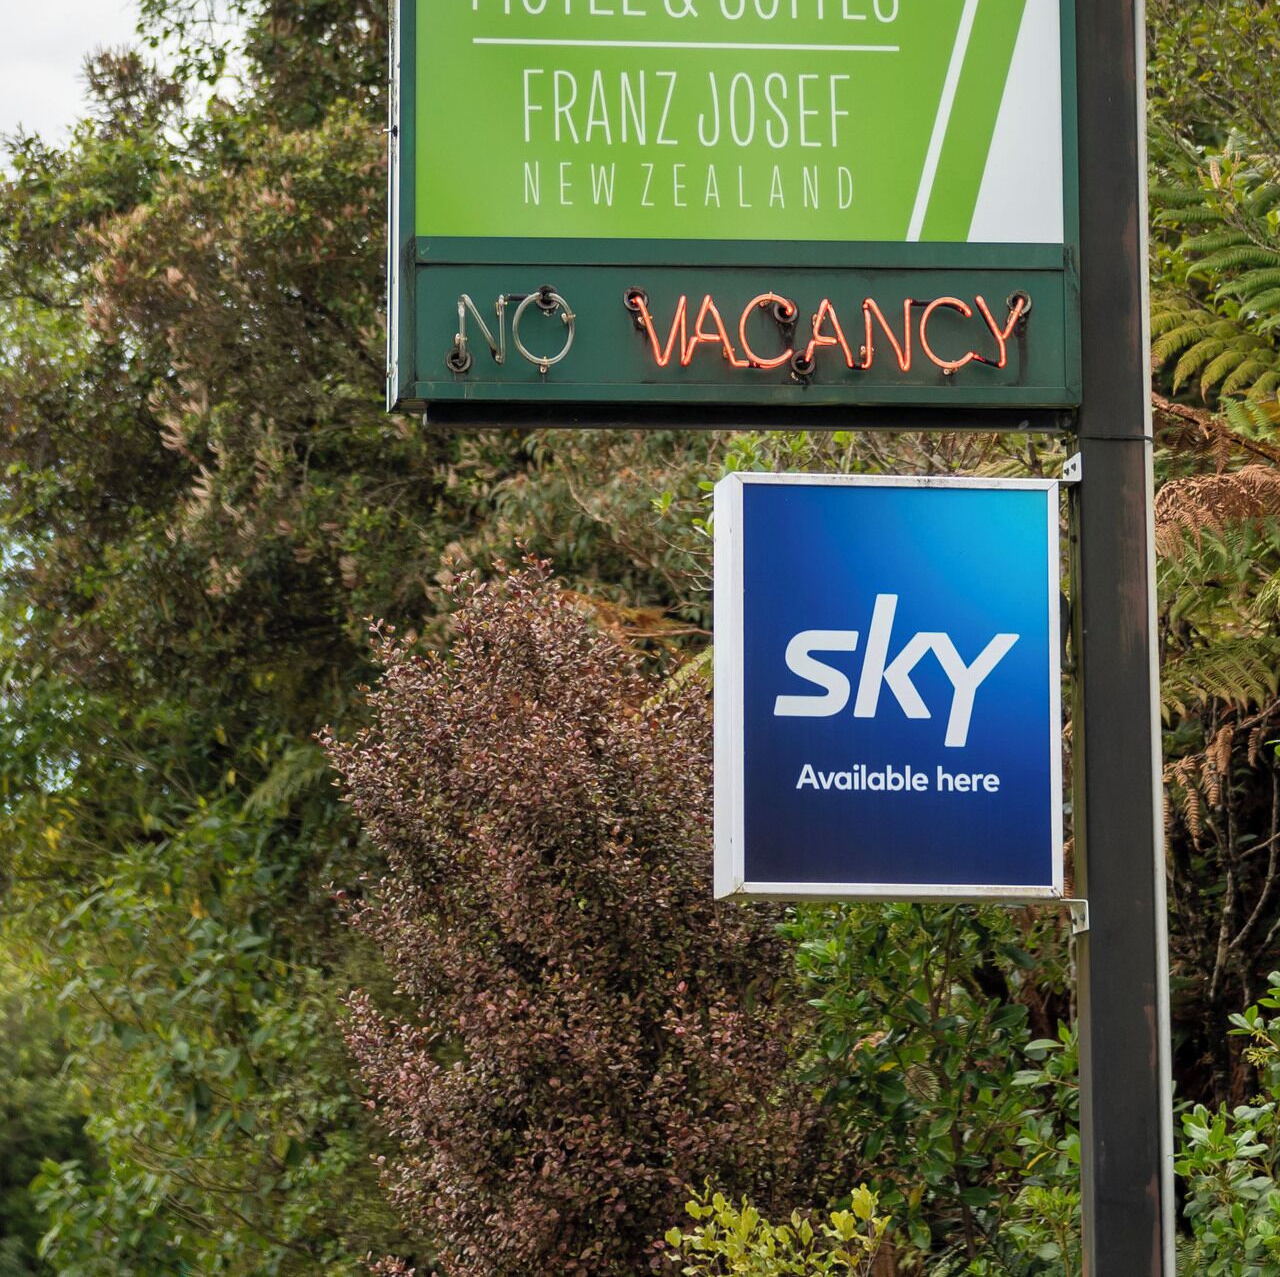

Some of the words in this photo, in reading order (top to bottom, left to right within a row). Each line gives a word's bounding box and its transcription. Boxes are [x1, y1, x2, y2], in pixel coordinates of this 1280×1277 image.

[523, 69, 678, 146] FRANZ
[698, 71, 851, 149] JOSEF
[524, 162, 616, 206] NEW
[642, 164, 854, 210] ZEALAND
[457, 292, 576, 367] NO
[630, 292, 1026, 372] VACANCY
[774, 594, 1020, 748] sky
[796, 764, 929, 792] Available
[937, 765, 1001, 793] here
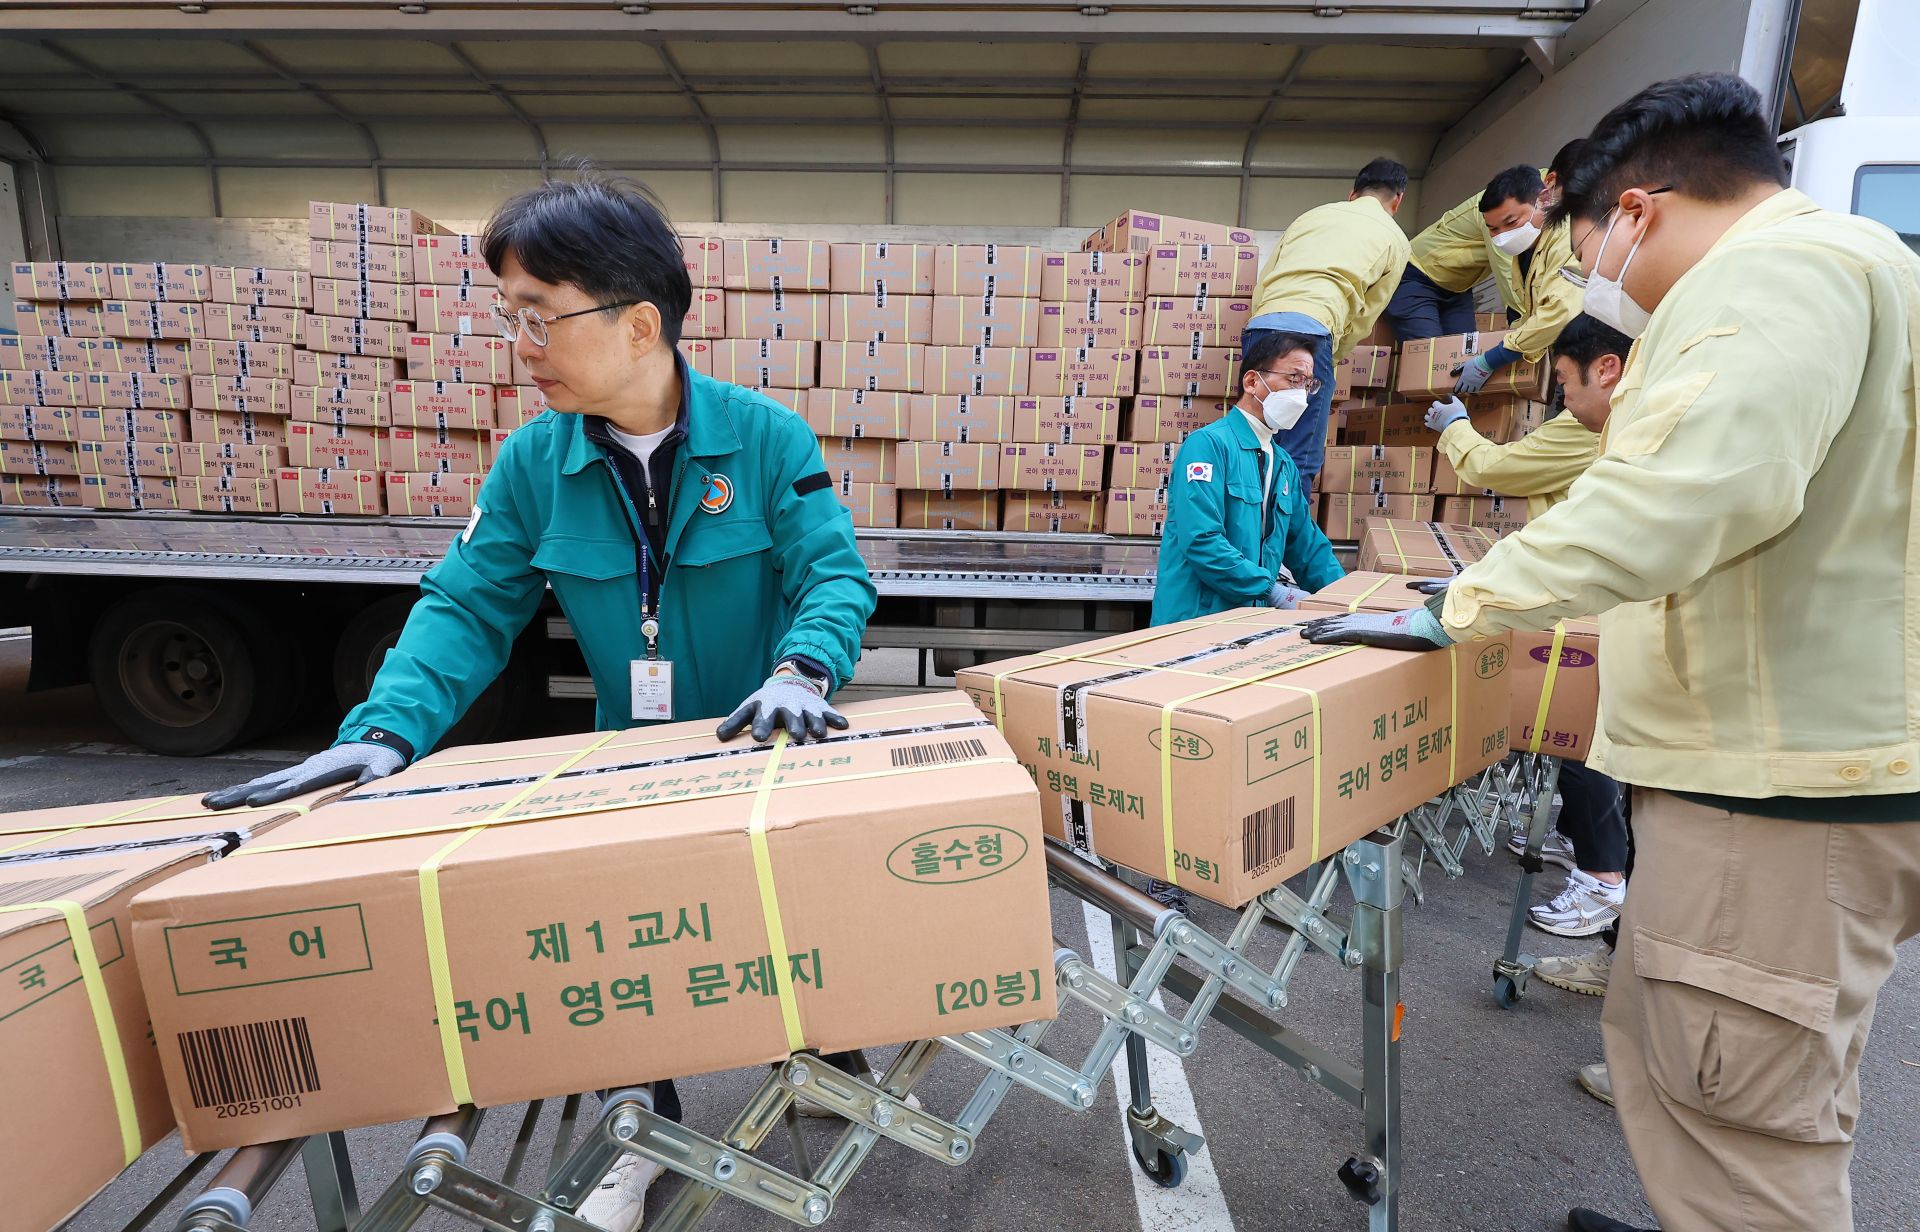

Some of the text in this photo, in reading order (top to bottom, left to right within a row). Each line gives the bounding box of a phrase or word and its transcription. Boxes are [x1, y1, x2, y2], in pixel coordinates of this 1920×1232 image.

[1372, 696, 1428, 740] 제 1 교시
[1038, 736, 1051, 758] 제
[1173, 735, 1200, 756] 수형
[1264, 727, 1307, 761] 국 어
[1338, 762, 1370, 799] 국어
[1380, 743, 1408, 783] 영역
[1047, 769, 1078, 798] 영역
[1089, 781, 1144, 820] 문제지
[911, 833, 1003, 876] 홀수형
[1251, 855, 1287, 880] 20251001
[208, 926, 326, 970] 국 어
[526, 902, 712, 964] 제 1 교시
[18, 963, 46, 991] 국
[560, 974, 654, 1027] 영역
[686, 948, 823, 1008] 문제지
[216, 1095, 303, 1119] 20251001

▶ Exercise instructions: Return the entries verbatim, pictures excluded.

▶ Solution to the exercise:
Some of the words in this photo, in reading order (top to bottom, left to right within a row). Each line gives a word's bounding box and its transcription. Boxes are [x1, y1, x2, y2], in pixel coordinates of this 1280×1277 image.

[523, 69, 678, 146] FRANZ
[698, 71, 851, 149] JOSEF
[524, 162, 616, 206] NEW
[642, 164, 854, 210] ZEALAND
[457, 292, 576, 367] NO
[630, 292, 1026, 372] VACANCY
[774, 594, 1020, 748] sky
[796, 764, 929, 792] Available
[937, 765, 1001, 793] here

Some of the text in this photo, in reading order (top to bottom, left to right within a row). Each line gives the bounding box of a phrase or word and its transcription. Boxes are [x1, y1, x2, y2], in pixel coordinates of this 1920×1232 image.

[1372, 696, 1428, 740] 제 1 교시
[1038, 736, 1051, 758] 제
[1173, 735, 1200, 756] 수형
[1264, 727, 1307, 761] 국 어
[1338, 762, 1370, 799] 국어
[1380, 743, 1408, 783] 영역
[1047, 769, 1078, 798] 영역
[1089, 781, 1144, 820] 문제지
[911, 833, 1003, 876] 홀수형
[1251, 855, 1287, 880] 20251001
[208, 926, 326, 970] 국 어
[526, 902, 712, 964] 제 1 교시
[18, 963, 46, 991] 국
[560, 974, 654, 1027] 영역
[686, 948, 823, 1008] 문제지
[216, 1095, 303, 1119] 20251001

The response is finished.